GIVEN RECORDS:
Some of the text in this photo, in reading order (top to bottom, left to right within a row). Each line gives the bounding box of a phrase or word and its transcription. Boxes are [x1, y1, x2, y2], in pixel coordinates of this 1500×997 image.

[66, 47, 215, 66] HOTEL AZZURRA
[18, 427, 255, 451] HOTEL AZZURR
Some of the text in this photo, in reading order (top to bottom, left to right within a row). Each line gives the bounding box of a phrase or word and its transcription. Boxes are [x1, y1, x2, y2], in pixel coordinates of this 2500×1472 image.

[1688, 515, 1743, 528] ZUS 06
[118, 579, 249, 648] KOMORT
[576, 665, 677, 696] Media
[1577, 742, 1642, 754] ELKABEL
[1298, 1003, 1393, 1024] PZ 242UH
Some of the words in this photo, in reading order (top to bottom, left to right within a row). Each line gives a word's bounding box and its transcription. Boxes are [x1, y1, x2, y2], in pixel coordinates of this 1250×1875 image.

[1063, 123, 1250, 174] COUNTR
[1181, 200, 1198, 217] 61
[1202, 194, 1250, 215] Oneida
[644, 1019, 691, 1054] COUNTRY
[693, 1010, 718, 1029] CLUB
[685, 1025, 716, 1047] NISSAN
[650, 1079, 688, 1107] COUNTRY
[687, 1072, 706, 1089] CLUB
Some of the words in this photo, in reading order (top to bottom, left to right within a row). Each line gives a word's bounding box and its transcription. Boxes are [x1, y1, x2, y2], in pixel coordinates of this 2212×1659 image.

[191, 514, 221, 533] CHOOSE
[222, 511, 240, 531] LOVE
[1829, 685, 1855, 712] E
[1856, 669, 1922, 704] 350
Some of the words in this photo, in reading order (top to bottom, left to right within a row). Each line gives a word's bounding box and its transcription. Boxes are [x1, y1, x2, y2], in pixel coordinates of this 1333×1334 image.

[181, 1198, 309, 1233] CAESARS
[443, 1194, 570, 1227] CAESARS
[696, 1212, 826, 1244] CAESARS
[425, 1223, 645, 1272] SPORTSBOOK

EXERCISE DETAILS: The response must contain exactly the lines from the one with "this 2500×1472 image." to the end of the entries above, both included, and nothing more.

FINAL ANSWER:
Some of the text in this photo, in reading order (top to bottom, left to right within a row). Each line gives the bounding box of a phrase or word and its transcription. Boxes are [x1, y1, x2, y2], in pixel coordinates of this 2500×1472 image.

[1688, 515, 1743, 528] ZUS 06
[118, 579, 249, 648] KOMORT
[576, 665, 677, 696] Media
[1577, 742, 1642, 754] ELKABEL
[1298, 1003, 1393, 1024] PZ 242UH
Some of the words in this photo, in reading order (top to bottom, left to right within a row). Each line gives a word's bounding box and its transcription. Boxes are [x1, y1, x2, y2], in pixel coordinates of this 1250×1875 image.

[1063, 123, 1250, 174] COUNTR
[1181, 200, 1198, 217] 61
[1202, 194, 1250, 215] Oneida
[644, 1019, 691, 1054] COUNTRY
[693, 1010, 718, 1029] CLUB
[685, 1025, 716, 1047] NISSAN
[650, 1079, 688, 1107] COUNTRY
[687, 1072, 706, 1089] CLUB
Some of the words in this photo, in reading order (top to bottom, left to right within a row). Each line gives a word's bounding box and its transcription. Boxes are [x1, y1, x2, y2], in pixel coordinates of this 2212×1659 image.

[191, 514, 221, 533] CHOOSE
[222, 511, 240, 531] LOVE
[1829, 685, 1855, 712] E
[1856, 669, 1922, 704] 350
Some of the words in this photo, in reading order (top to bottom, left to right within a row). Each line gives a word's bounding box and its transcription. Boxes are [x1, y1, x2, y2], in pixel coordinates of this 1333×1334 image.

[181, 1198, 309, 1233] CAESARS
[443, 1194, 570, 1227] CAESARS
[696, 1212, 826, 1244] CAESARS
[425, 1223, 645, 1272] SPORTSBOOK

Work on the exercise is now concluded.